*Task objective*:
The output should be the listing below, limited to the lines from the one with "this 1280×1440 image." through the one with "this 1600×1200 image.", exact and without pictures.
Provided entries section start
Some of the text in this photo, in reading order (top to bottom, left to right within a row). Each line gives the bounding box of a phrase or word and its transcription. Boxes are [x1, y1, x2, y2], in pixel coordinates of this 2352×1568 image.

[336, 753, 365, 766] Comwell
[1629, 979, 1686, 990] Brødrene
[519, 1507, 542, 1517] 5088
Provided entries section end
Provided entries section start
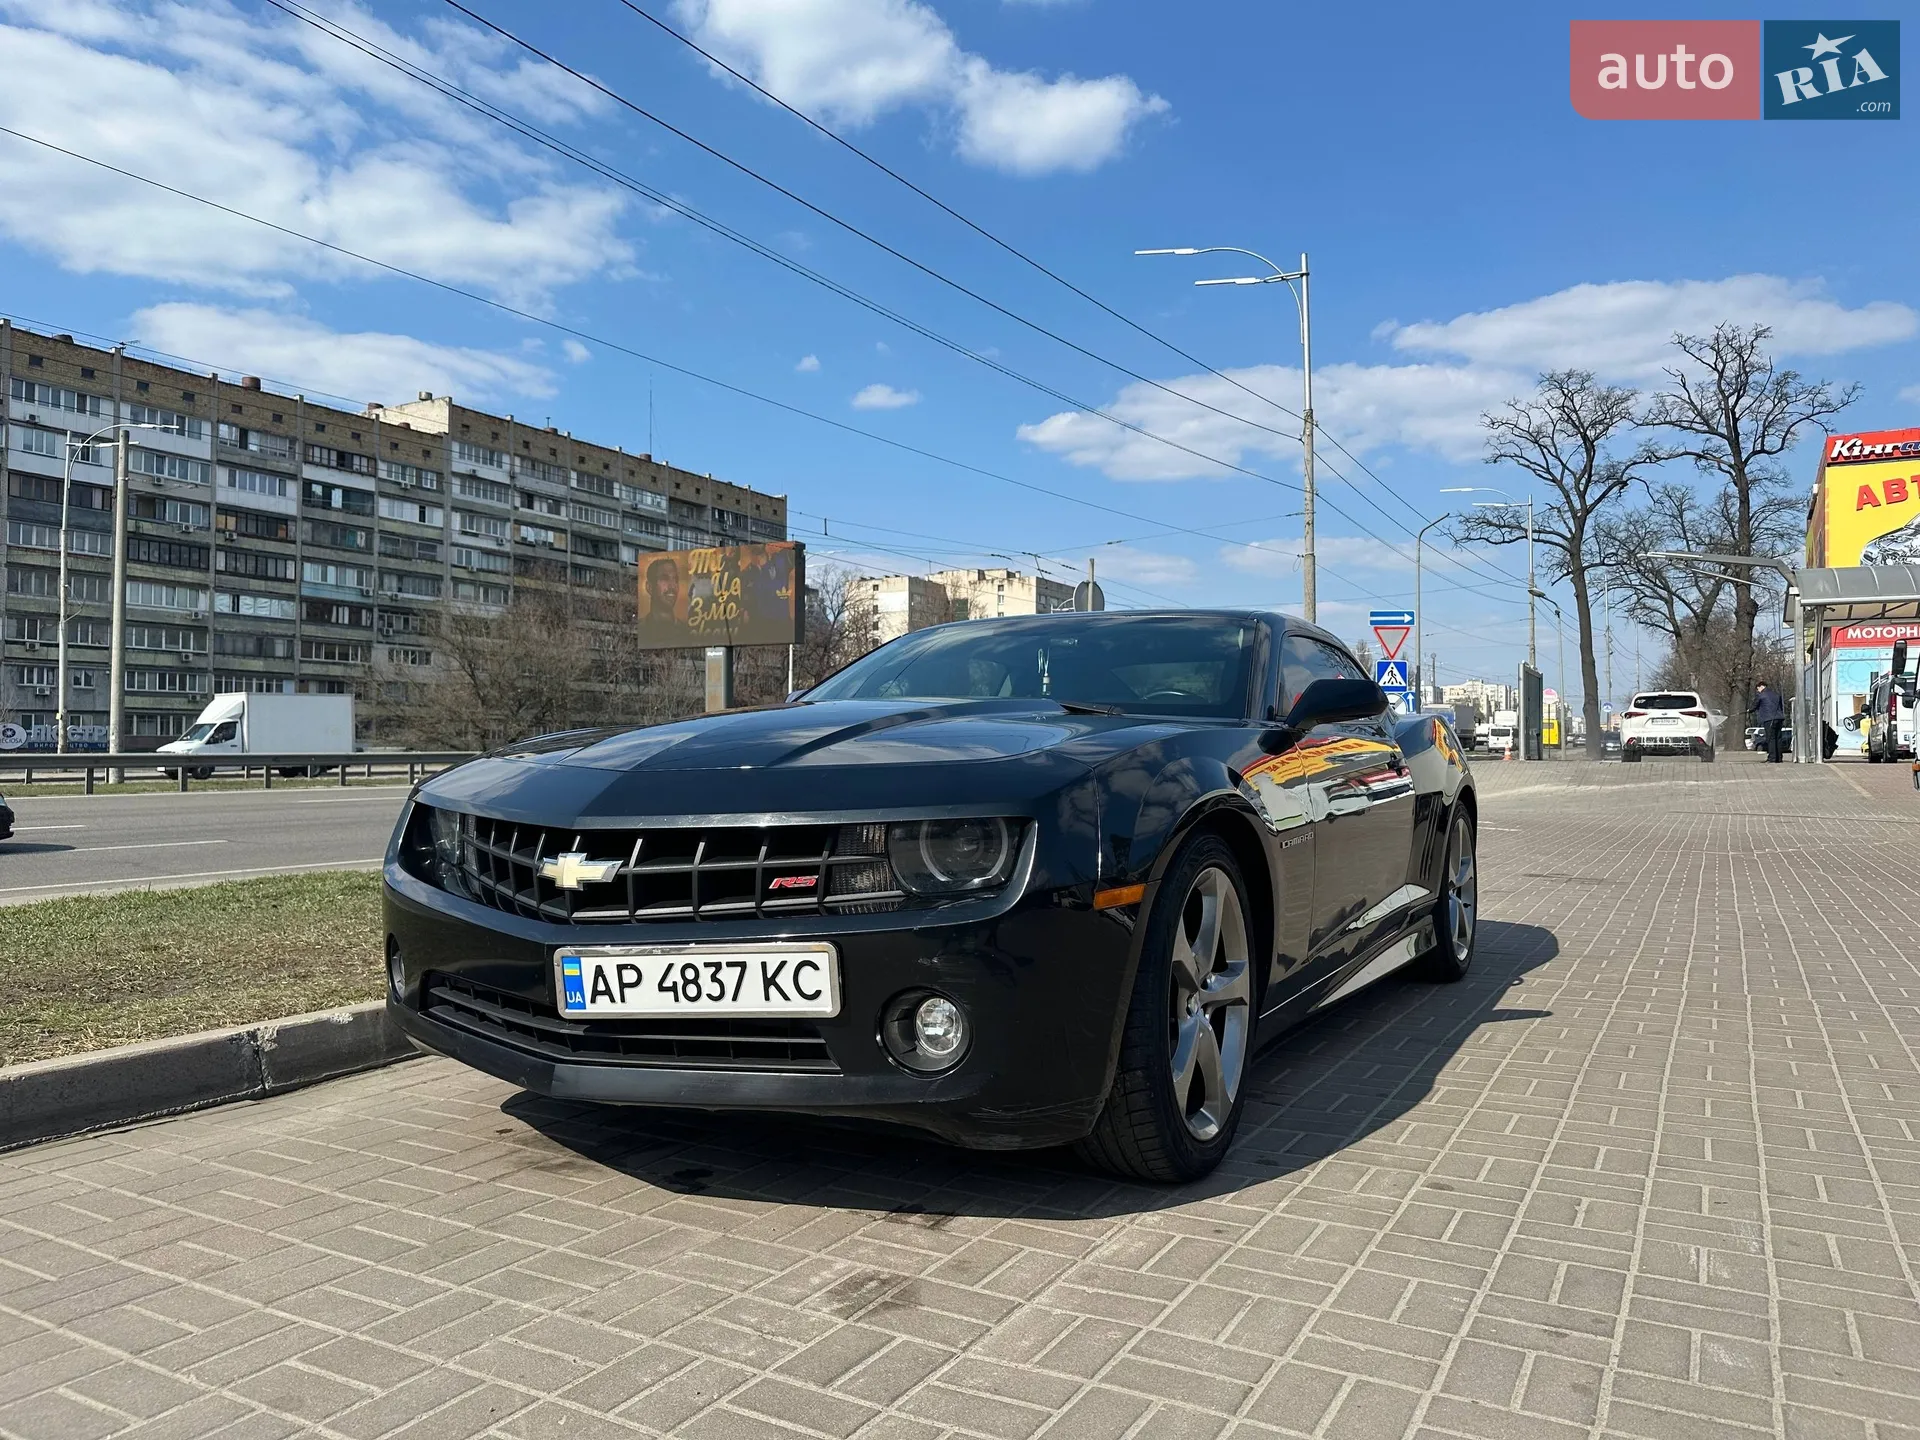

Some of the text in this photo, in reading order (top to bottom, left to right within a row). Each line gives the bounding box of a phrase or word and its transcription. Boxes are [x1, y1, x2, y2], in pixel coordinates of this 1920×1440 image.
Provided entries section end
Provided entries section start
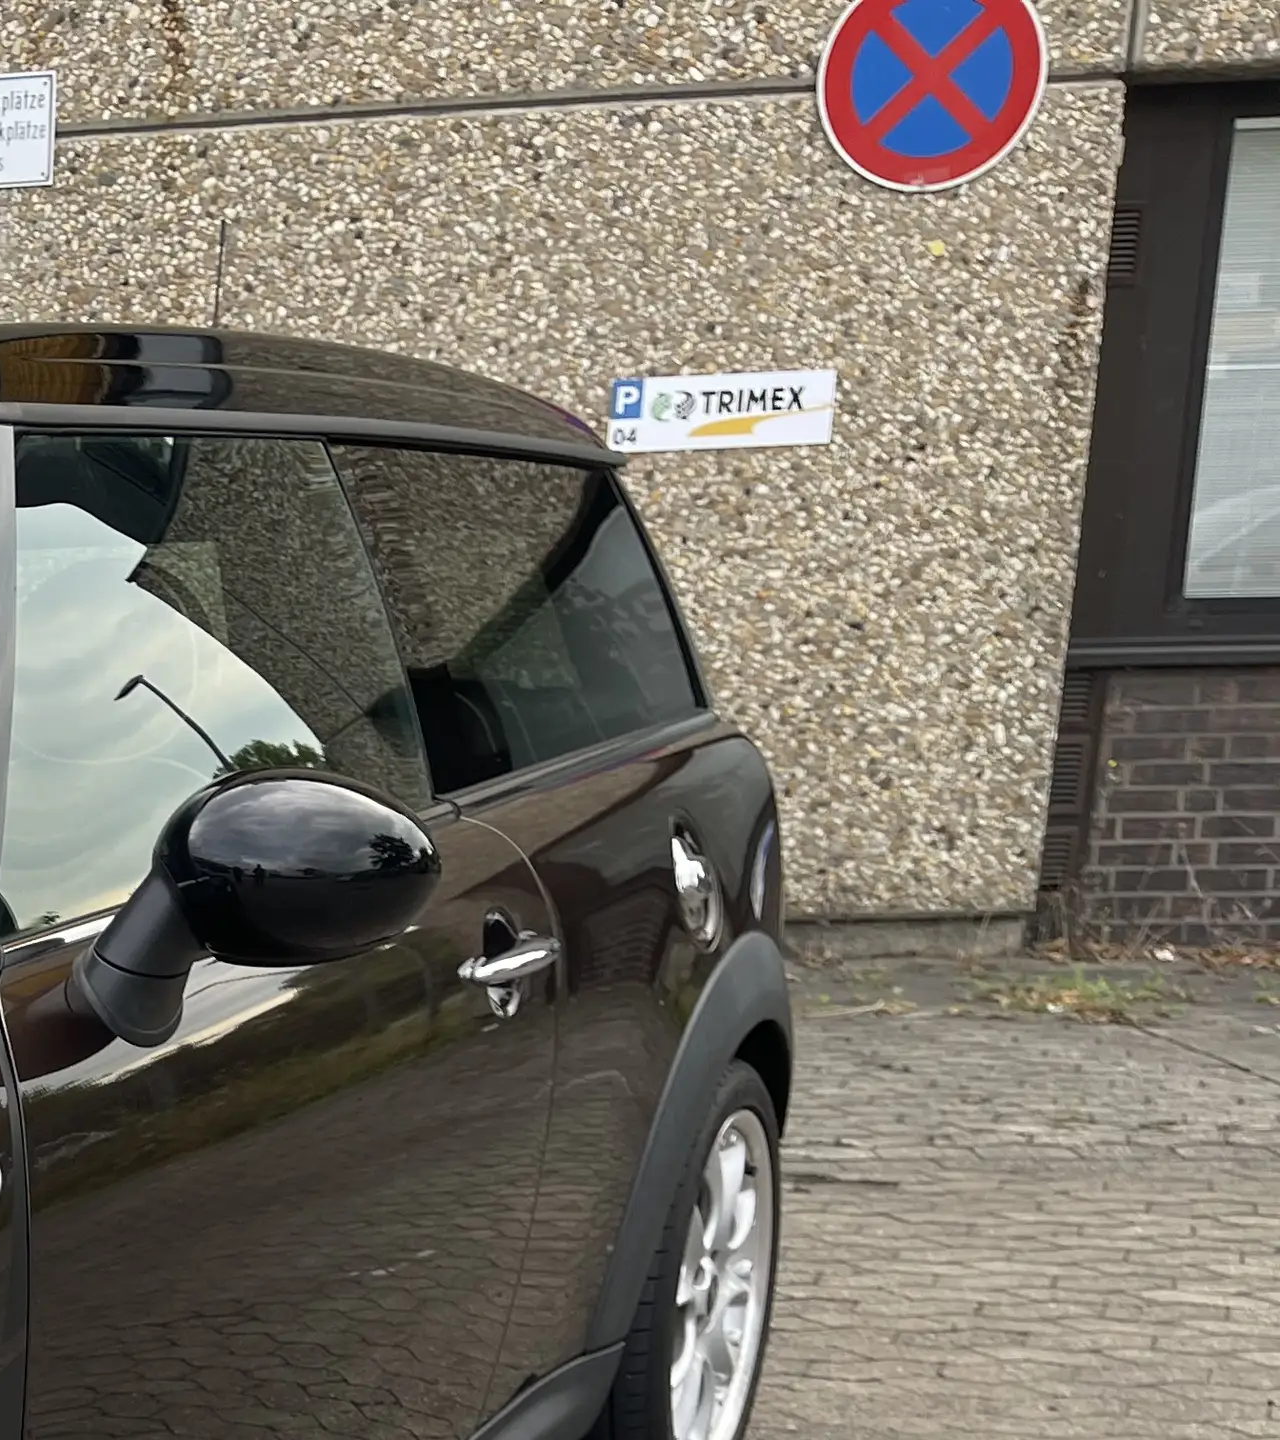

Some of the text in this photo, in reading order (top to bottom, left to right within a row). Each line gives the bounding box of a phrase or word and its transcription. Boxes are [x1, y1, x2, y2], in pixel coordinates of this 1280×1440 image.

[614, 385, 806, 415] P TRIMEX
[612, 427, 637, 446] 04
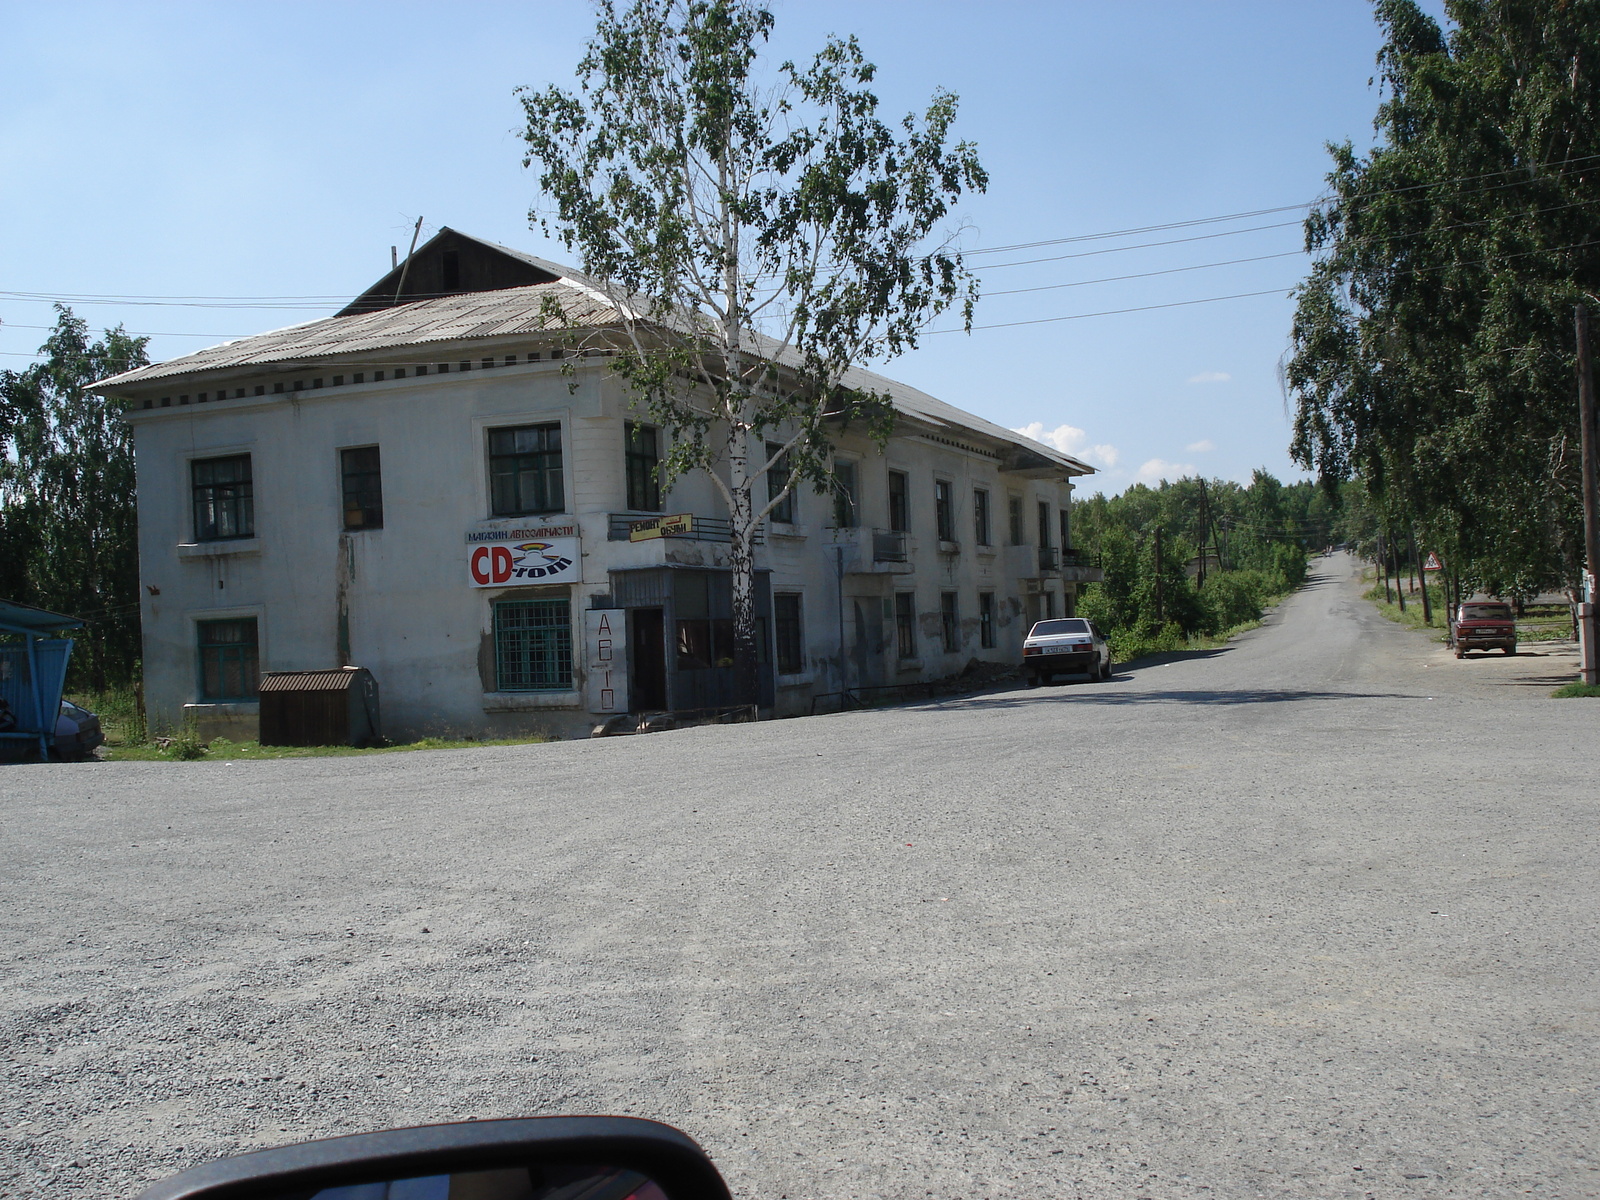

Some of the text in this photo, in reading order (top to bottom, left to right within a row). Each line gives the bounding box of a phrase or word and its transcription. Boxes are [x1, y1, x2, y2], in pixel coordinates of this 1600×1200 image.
Provided entries section end
*Result*:
Some of the text in this photo, in reading order (top to bottom, left to right within a row). Each line gives the bounding box of a phrase or word and its transcription. Boxes are [x1, y1, x2, y2], in pixel coordinates of this 1280×1440 image.

[614, 385, 806, 415] P TRIMEX
[612, 427, 637, 446] 04

Some of the text in this photo, in reading order (top to bottom, left to right within a row). Each line gives the bounding box of a phrase or word and its transcription. Boxes are [x1, y1, x2, y2], in pixel coordinates of this 1600×1200 image.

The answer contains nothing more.